• _WORK ITEM_
Transcribe the following entries word for word; no picture is to appear in the copy.

• _EXERCISE MATERIAL_
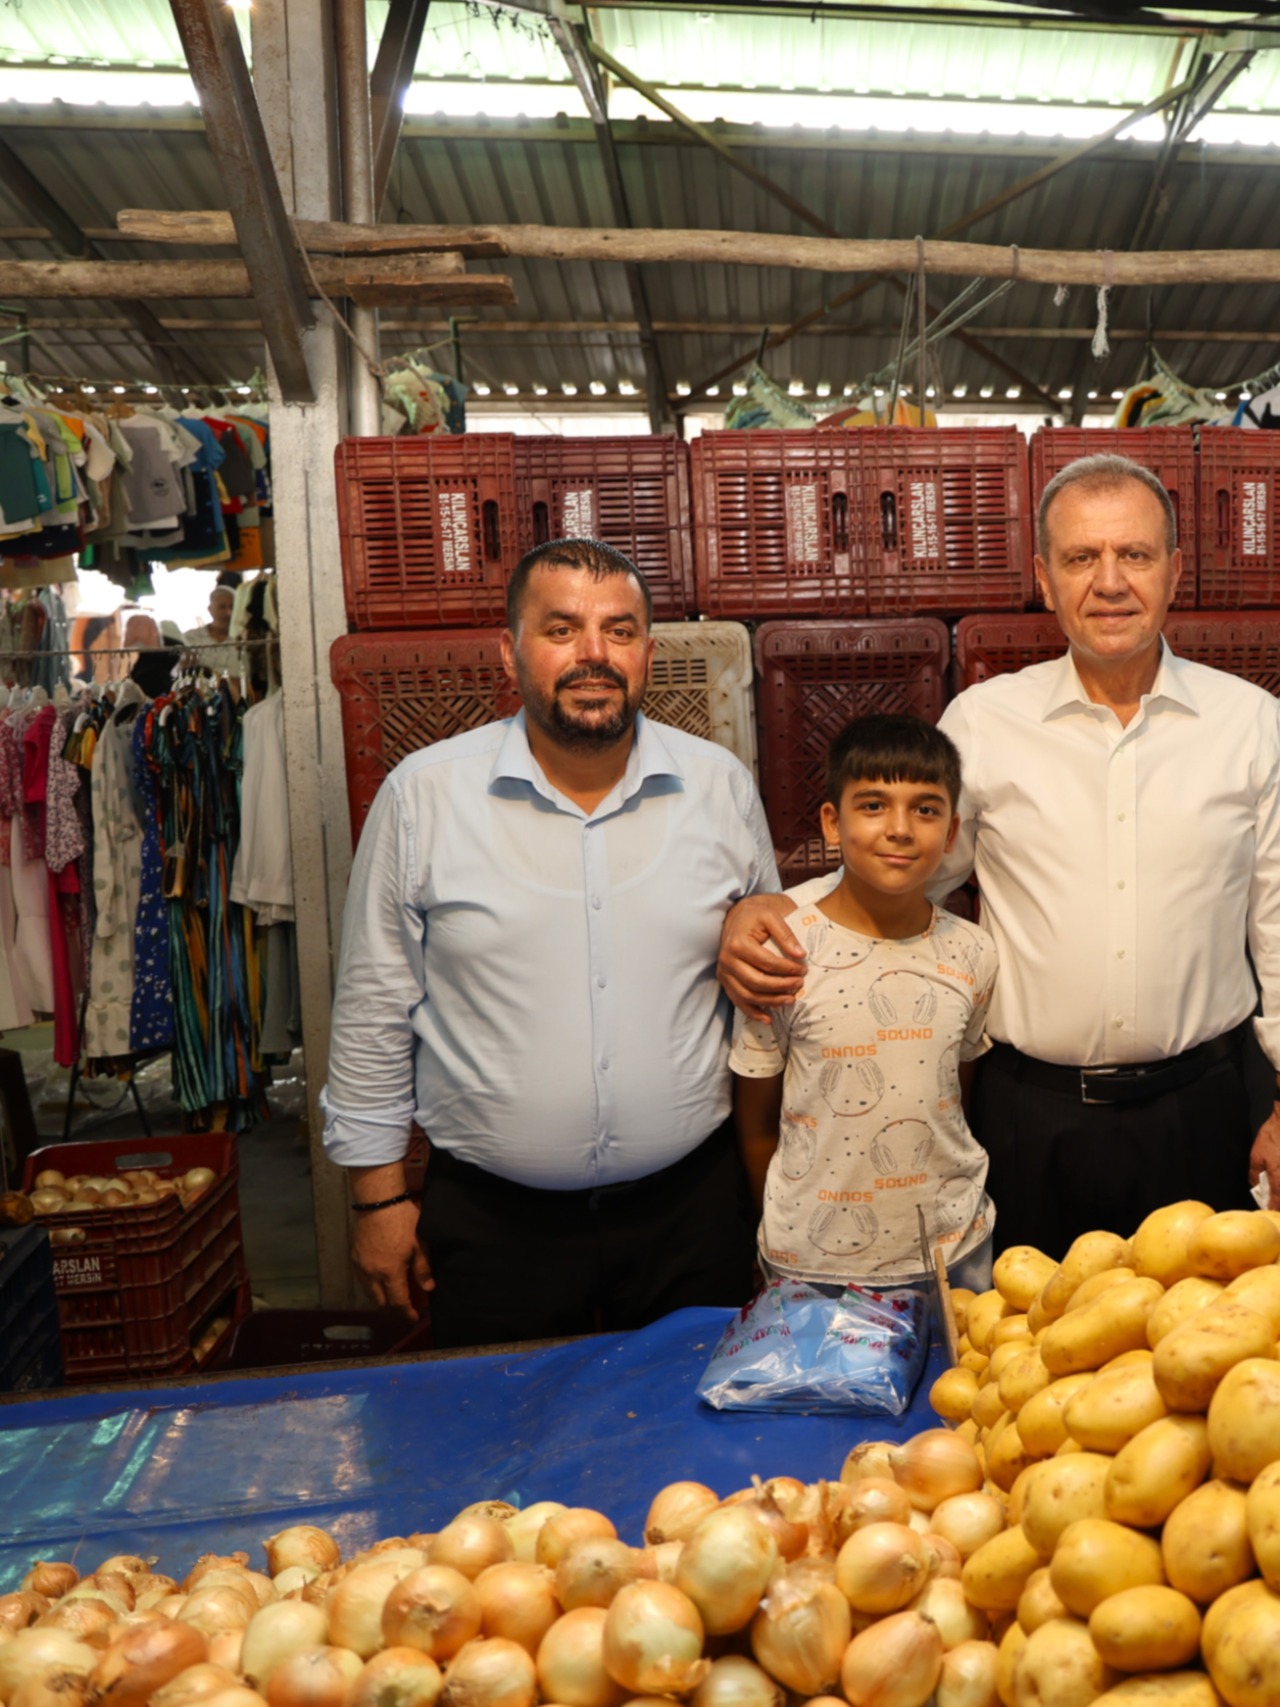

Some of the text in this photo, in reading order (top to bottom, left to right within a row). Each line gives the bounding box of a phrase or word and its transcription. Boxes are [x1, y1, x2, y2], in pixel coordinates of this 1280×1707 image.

[801, 485, 820, 561] KILINÇARSLAN
[910, 482, 927, 558] KILINÇARSLAN
[1242, 482, 1259, 555] KILINÇARSLAN
[453, 493, 471, 570] KILINÇARSLAN
[877, 1028, 933, 1041] SOUND
[821, 1044, 877, 1058] SOUND
[874, 1173, 928, 1190] SOUND
[818, 1189, 874, 1203] SOUND
[53, 1256, 100, 1275] ARSLAN
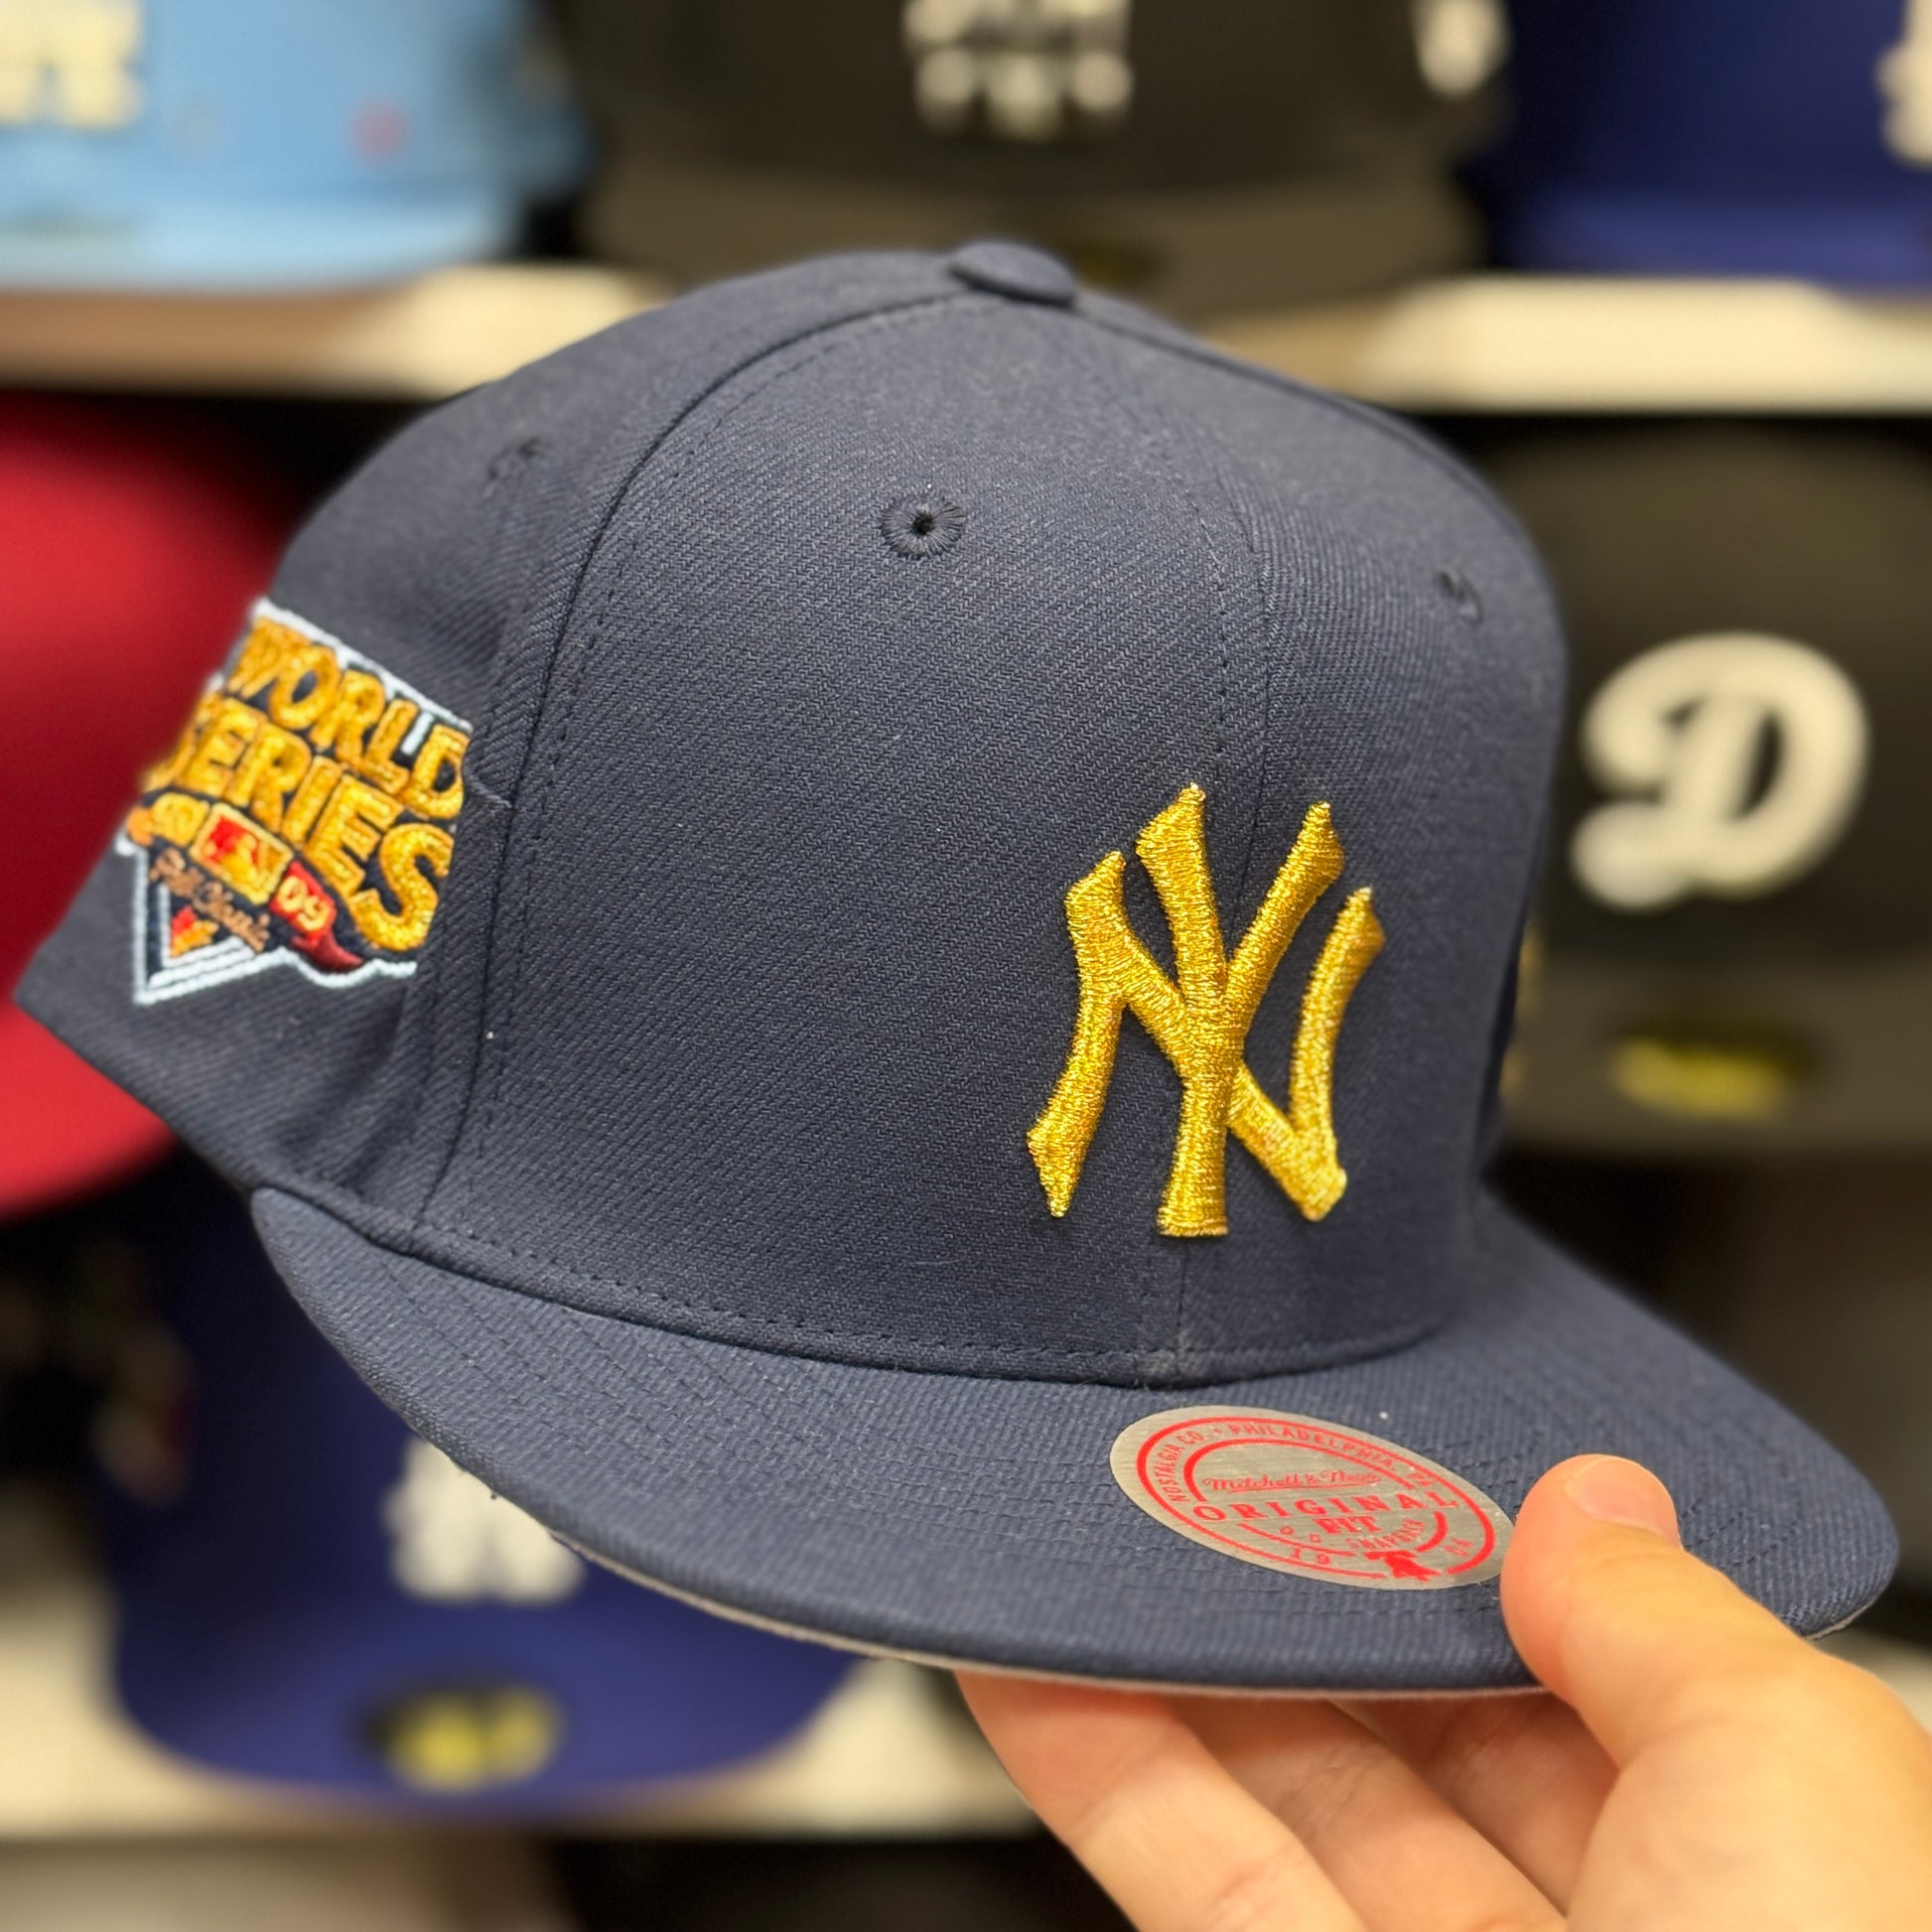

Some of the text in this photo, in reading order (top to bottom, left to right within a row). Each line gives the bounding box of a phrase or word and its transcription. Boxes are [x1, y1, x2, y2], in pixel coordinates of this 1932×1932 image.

[226, 617, 471, 819] WORLD
[1577, 631, 1867, 910] D
[142, 689, 455, 951] SERIES
[1027, 782, 1386, 1236] NY
[1154, 1444, 1190, 1501] NOSTALGIA
[1193, 1489, 1457, 1521] ORIGINAL
[1202, 1468, 1381, 1492] Mitchell & Ness
[1312, 1515, 1381, 1535] FIT

• _ANSWER BOX_
Some of the text in this photo, in reading order (top to bottom, left to right within a row). Each line gives the bounding box of a phrase or word and its transcription. Boxes are [x1, y1, x2, y2], in pixel coordinates of this 1280×1707 image.

[801, 485, 820, 561] KILINÇARSLAN
[910, 482, 927, 558] KILINÇARSLAN
[1242, 482, 1259, 555] KILINÇARSLAN
[453, 493, 471, 570] KILINÇARSLAN
[877, 1028, 933, 1041] SOUND
[821, 1044, 877, 1058] SOUND
[874, 1173, 928, 1190] SOUND
[818, 1189, 874, 1203] SOUND
[53, 1256, 100, 1275] ARSLAN

Some of the text in this photo, in reading order (top to bottom, left to right within a row). Each line gives the bounding box of a phrase or word and its transcription. Boxes are [x1, y1, x2, y2], in pixel coordinates of this 1932×1932 image.

[226, 617, 471, 819] WORLD
[1577, 631, 1867, 910] D
[142, 689, 455, 951] SERIES
[1027, 782, 1386, 1236] NY
[1154, 1444, 1190, 1501] NOSTALGIA
[1193, 1489, 1457, 1521] ORIGINAL
[1202, 1468, 1381, 1492] Mitchell & Ness
[1312, 1515, 1381, 1535] FIT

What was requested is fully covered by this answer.